== Segment start ==

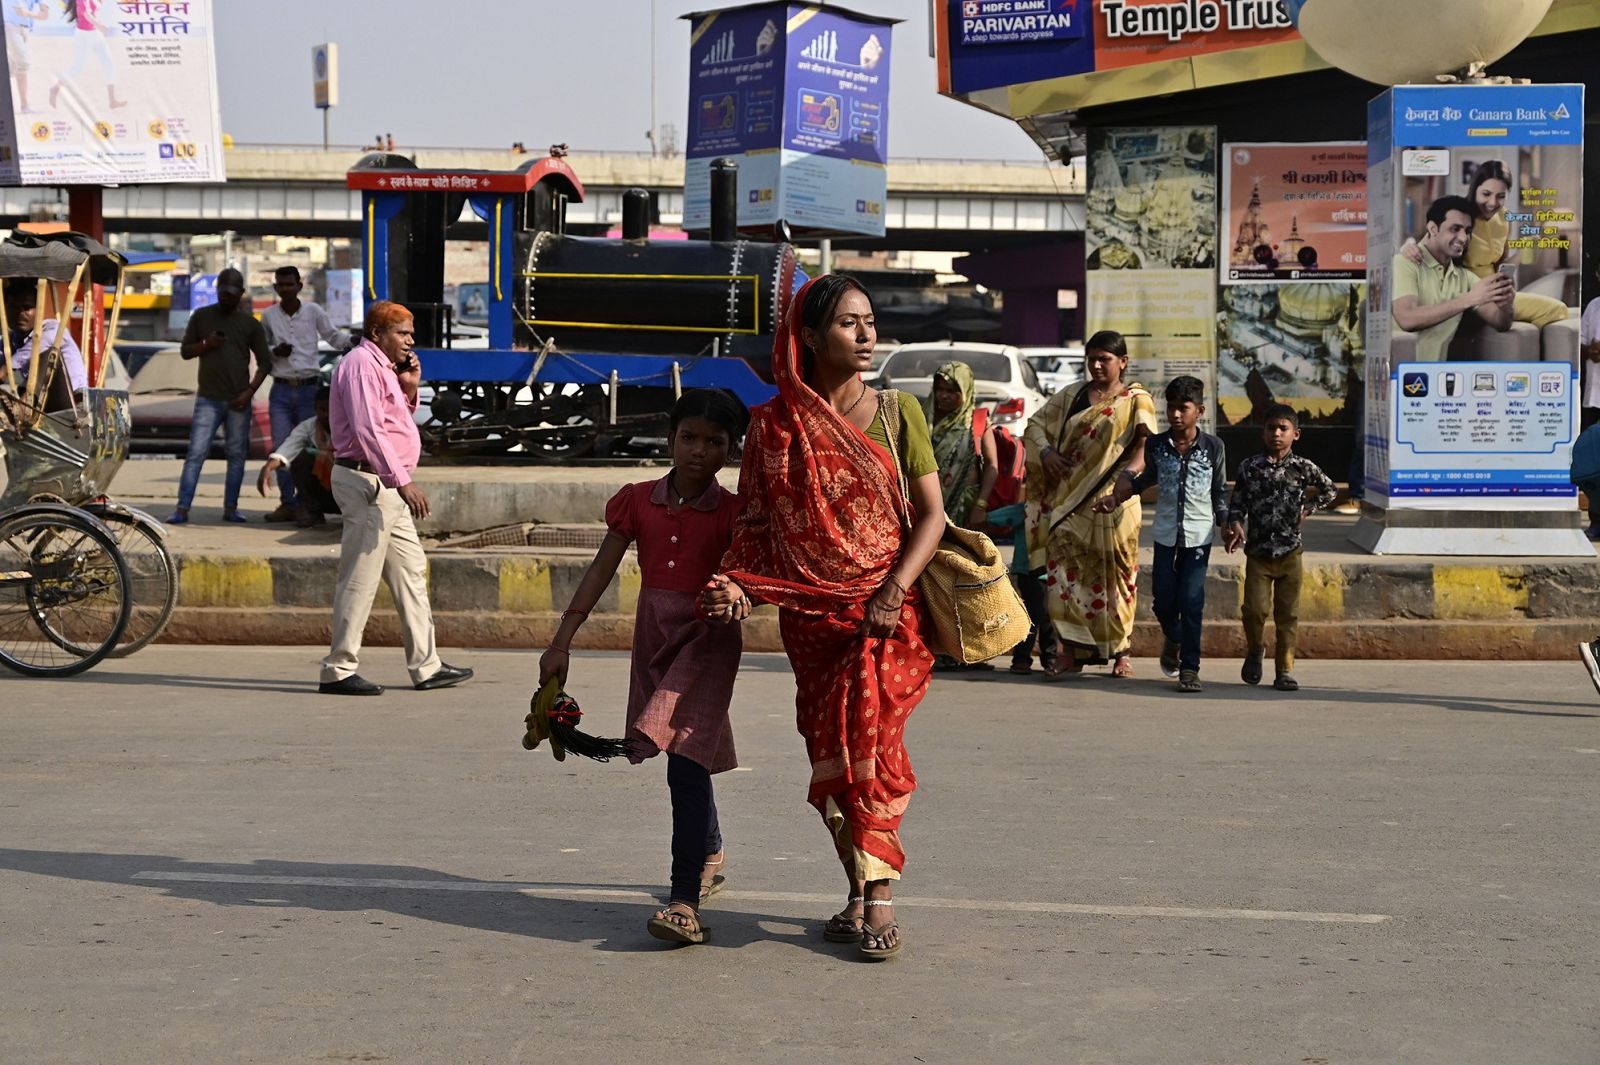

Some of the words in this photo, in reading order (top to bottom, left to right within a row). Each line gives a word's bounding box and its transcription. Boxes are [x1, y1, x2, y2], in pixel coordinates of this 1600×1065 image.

[117, 0, 190, 15] जीवन
[982, 2, 1012, 13] HDFC
[1014, 0, 1046, 11] BANK
[118, 16, 190, 36] शांति
[963, 13, 1071, 33] PARIVARTAN
[1101, 0, 1218, 40] Temple
[1223, 0, 1291, 29] Trus
[964, 34, 971, 42] A
[971, 33, 988, 42] step
[989, 31, 1019, 41] towards
[1020, 30, 1054, 41] progress
[1405, 107, 1439, 122] केनरा
[1442, 105, 1462, 121] बैंक
[1469, 108, 1512, 121] Canara
[1516, 107, 1547, 121] Bank
[175, 144, 195, 157] LIC
[1282, 170, 1298, 184] श्री
[1301, 170, 1338, 184] काशी
[1505, 210, 1533, 222] केनरा
[1536, 210, 1574, 222] डिजिटल
[1520, 224, 1541, 235] सेवा
[1543, 226, 1557, 235] का
[1508, 237, 1534, 249] प्रयोग
[1537, 237, 1570, 250] कीजिए
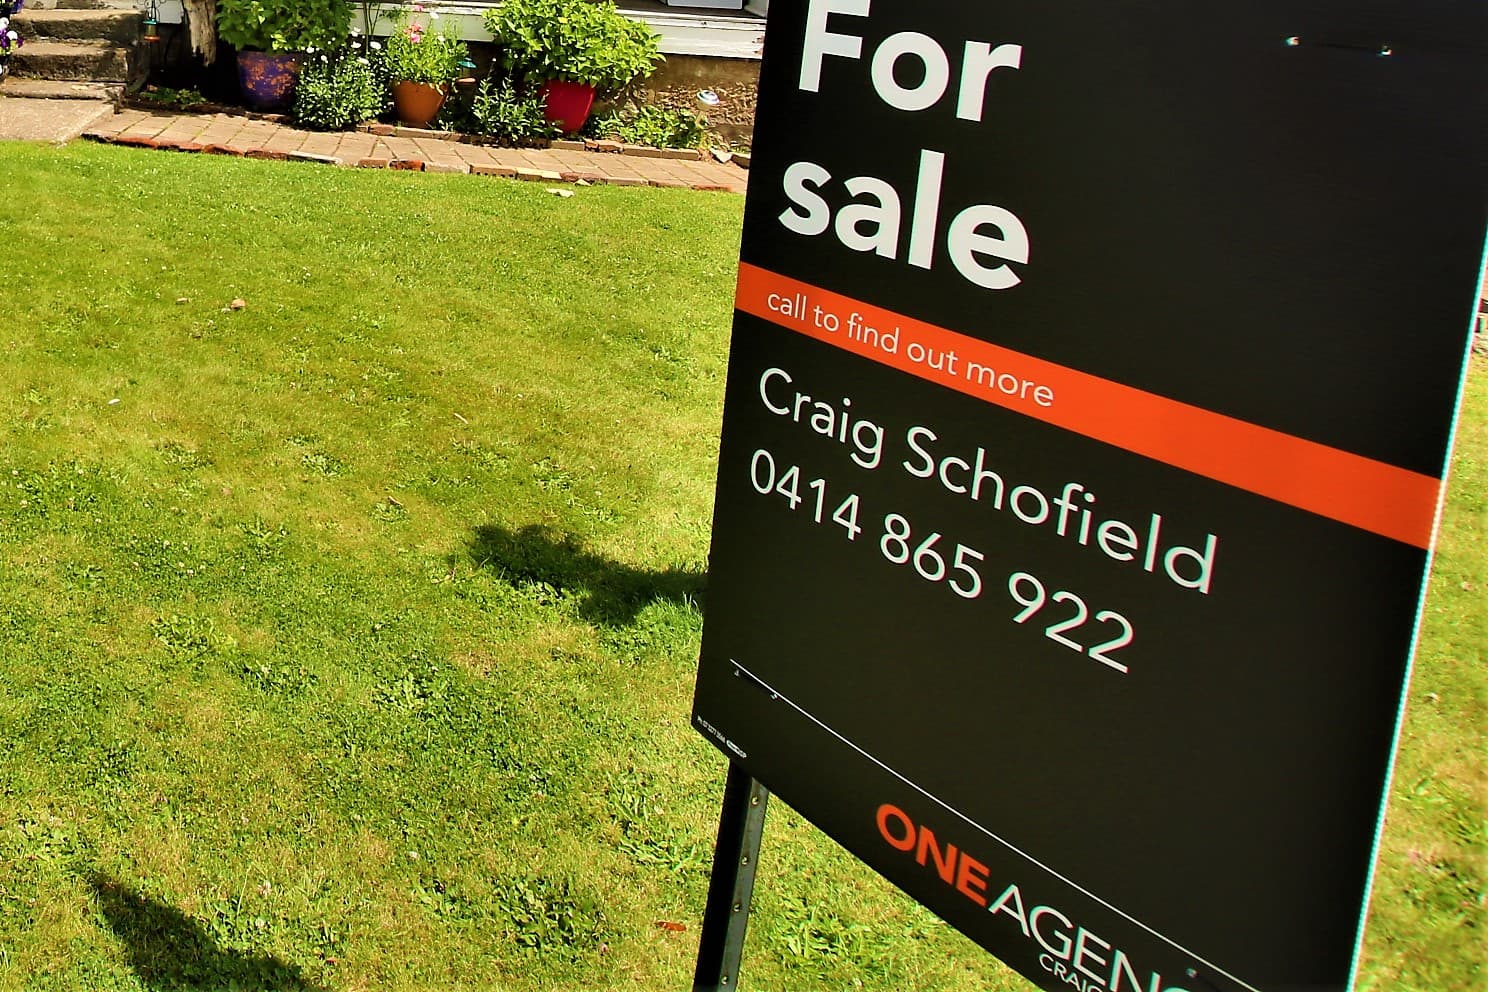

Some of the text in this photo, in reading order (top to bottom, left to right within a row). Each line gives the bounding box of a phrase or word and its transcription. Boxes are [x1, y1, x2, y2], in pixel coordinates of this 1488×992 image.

[778, 148, 1031, 291] sale
[766, 292, 1055, 408] call to find out more
[749, 448, 1135, 674] 0414 865 922
[758, 366, 1218, 595] Craig Schofield
[875, 803, 1193, 992] ONE AGEN

== Segment end ==

** What to work on **
A faithful copy of all the records is required, with the pictures left out.

** Answer box **
Some of the words in this photo, in reading order (top to bottom, left to right within a row). Each line gives a word's bounding box and its transcription. Boxes are [x1, y1, x2, y2], in pixel coordinates of this 1600×1065 image.

[117, 0, 190, 15] जीवन
[982, 2, 1012, 13] HDFC
[1014, 0, 1046, 11] BANK
[118, 16, 190, 36] शांति
[963, 13, 1071, 33] PARIVARTAN
[1101, 0, 1218, 40] Temple
[1223, 0, 1291, 29] Trus
[964, 34, 971, 42] A
[971, 33, 988, 42] step
[989, 31, 1019, 41] towards
[1020, 30, 1054, 41] progress
[1405, 107, 1439, 122] केनरा
[1442, 105, 1462, 121] बैंक
[1469, 108, 1512, 121] Canara
[1516, 107, 1547, 121] Bank
[175, 144, 195, 157] LIC
[1282, 170, 1298, 184] श्री
[1301, 170, 1338, 184] काशी
[1505, 210, 1533, 222] केनरा
[1536, 210, 1574, 222] डिजिटल
[1520, 224, 1541, 235] सेवा
[1543, 226, 1557, 235] का
[1508, 237, 1534, 249] प्रयोग
[1537, 237, 1570, 250] कीजिए

Some of the text in this photo, in reading order (top to bottom, left to right within a row). Each line gives the bounding box of a phrase or word and its transcription. Boxes are [x1, y1, x2, y2], in pixel coordinates of this 1488×992 image.

[778, 148, 1031, 291] sale
[766, 292, 1055, 408] call to find out more
[749, 448, 1135, 674] 0414 865 922
[758, 366, 1218, 595] Craig Schofield
[875, 803, 1193, 992] ONE AGEN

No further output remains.